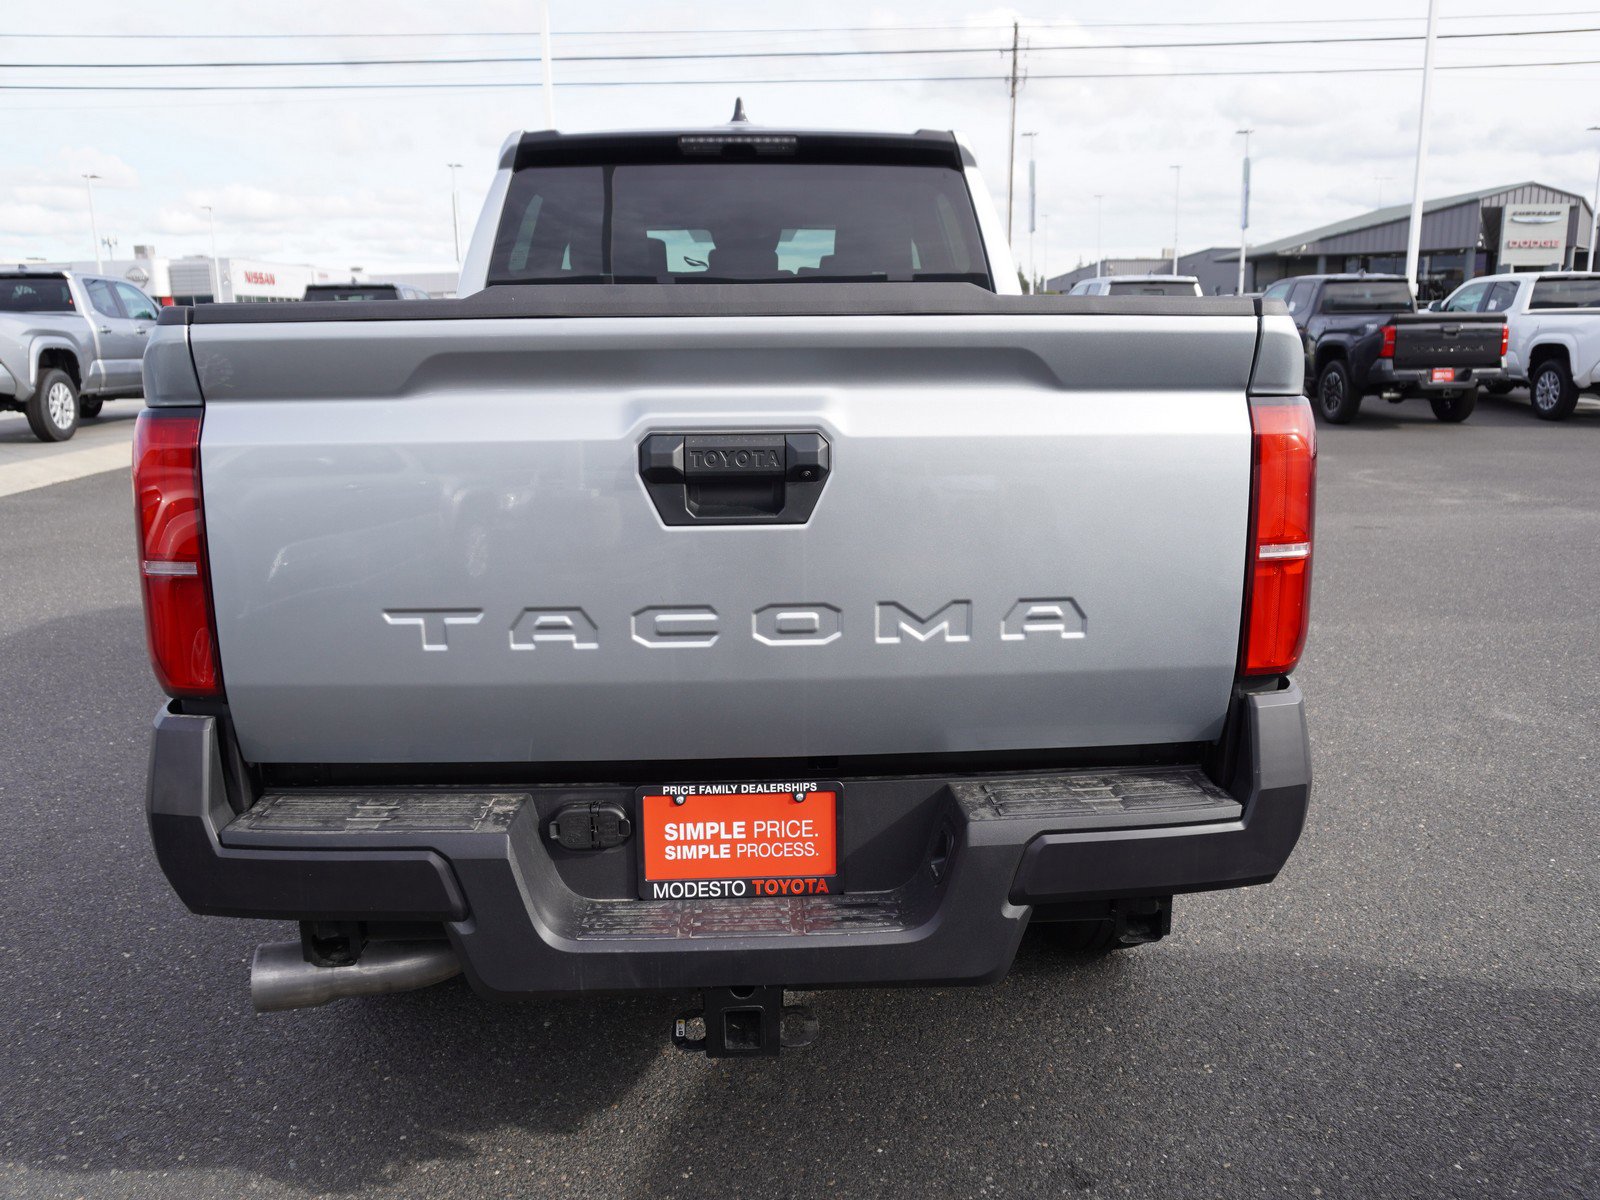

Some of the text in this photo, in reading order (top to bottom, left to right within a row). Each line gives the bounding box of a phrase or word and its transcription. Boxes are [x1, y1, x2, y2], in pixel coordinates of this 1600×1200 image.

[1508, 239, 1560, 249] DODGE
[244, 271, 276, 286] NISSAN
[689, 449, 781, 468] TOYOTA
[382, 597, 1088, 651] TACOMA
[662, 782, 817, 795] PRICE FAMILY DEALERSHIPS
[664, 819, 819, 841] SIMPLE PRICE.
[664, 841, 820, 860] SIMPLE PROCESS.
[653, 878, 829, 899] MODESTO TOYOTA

*-*-*

> [AIM OF THE TASK]: Each entry must be retyped word for word, with every image omitted.

> [ANSWER]:
Some of the text in this photo, in reading order (top to bottom, left to right within a row). Each line gives the bounding box of a phrase or word and its transcription. Boxes are [x1, y1, x2, y2], in pixel coordinates of this 1600×1200 image.

[1508, 239, 1560, 249] DODGE
[244, 271, 276, 286] NISSAN
[689, 449, 781, 468] TOYOTA
[382, 597, 1088, 651] TACOMA
[662, 782, 817, 795] PRICE FAMILY DEALERSHIPS
[664, 819, 819, 841] SIMPLE PRICE.
[664, 841, 820, 860] SIMPLE PROCESS.
[653, 878, 829, 899] MODESTO TOYOTA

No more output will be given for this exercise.